Myth: Neurological herpes/rhinopneumonitis is rare. This depends on what you mean by “rare.” If you compare the neurological form of the disease that claimed these horses to the level of exposure to EHV, which is virtually 100%, and the number of horses that develop respiratory disease or abort their foals as a result, it is indeed unusual. However, we wouldn’t call it rare.

In the past year, there were two other isolated outbreaks, one in northern Idaho this winter and one strongly suspected in southeast Pennsylvania last spring. In addition, it’s not a new finding that rhino can cause neurological disease.

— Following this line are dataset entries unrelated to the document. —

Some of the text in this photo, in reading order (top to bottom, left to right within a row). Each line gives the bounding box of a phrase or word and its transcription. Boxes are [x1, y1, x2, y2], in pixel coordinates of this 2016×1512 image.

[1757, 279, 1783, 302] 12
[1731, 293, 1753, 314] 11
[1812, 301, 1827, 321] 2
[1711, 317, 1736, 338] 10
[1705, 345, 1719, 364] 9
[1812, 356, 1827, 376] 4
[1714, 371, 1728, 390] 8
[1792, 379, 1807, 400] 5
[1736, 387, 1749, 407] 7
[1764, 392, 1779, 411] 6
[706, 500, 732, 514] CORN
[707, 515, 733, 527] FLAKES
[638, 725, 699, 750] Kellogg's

Myth: This is a mutant virus. There are two forms, EHV-1 and EHV-4, either of which can cause respiratory, fetal or neurological disease, although it’s usually EHV-1 in the neuro cases. The EHV virus is highly variable and prone to small spontaneous genetic changes. However, it is the same virus. One Japanese study that did detailed genetic analysis on varieties isolated from horses over a 19-year period documented 42 different EHV-1 and 64 different EHV-4 viruses. The same EHV type that causes respiratory disease or abortion could produce neurological disease or no disease at all.

Myth: Available vaccines can protect against abortion and respiratory disease but not the neurological form. No rhino vaccine can guarantee protection against any form of EHV. Although vaccine challenge studies looking specifically at neurological herpes have not been done, the good news is that vaccines labeled to help labeled to help prevent respiratory disease and abortion are likely to provide the same protection against neurological forms.

Myth: Treatment of affected horses can turn them around. Horses with neurological EHV definitely need intensive support if they are going to make it, like fluids, manual removal of manure, catheterization of paralyzed bladders and frequent turnings if they are down. However, nothing your vet can give the horse can kill the virus in his system. The sad fact is that for those that are severely affected enough to become completely paralyzed and go down, the chance of recovery is slim.

Myth: Preventive treatment can stop the spread. The only preventative options are vaccination and immune stimulants, both of which take time. Horses should never be vaccinated in the face of an outbreak as this may actually be a risk factor for development of the neurological form of herpes. It’s equally important is to isolate asymptomatic horses from the sick ones and take isolation precautions.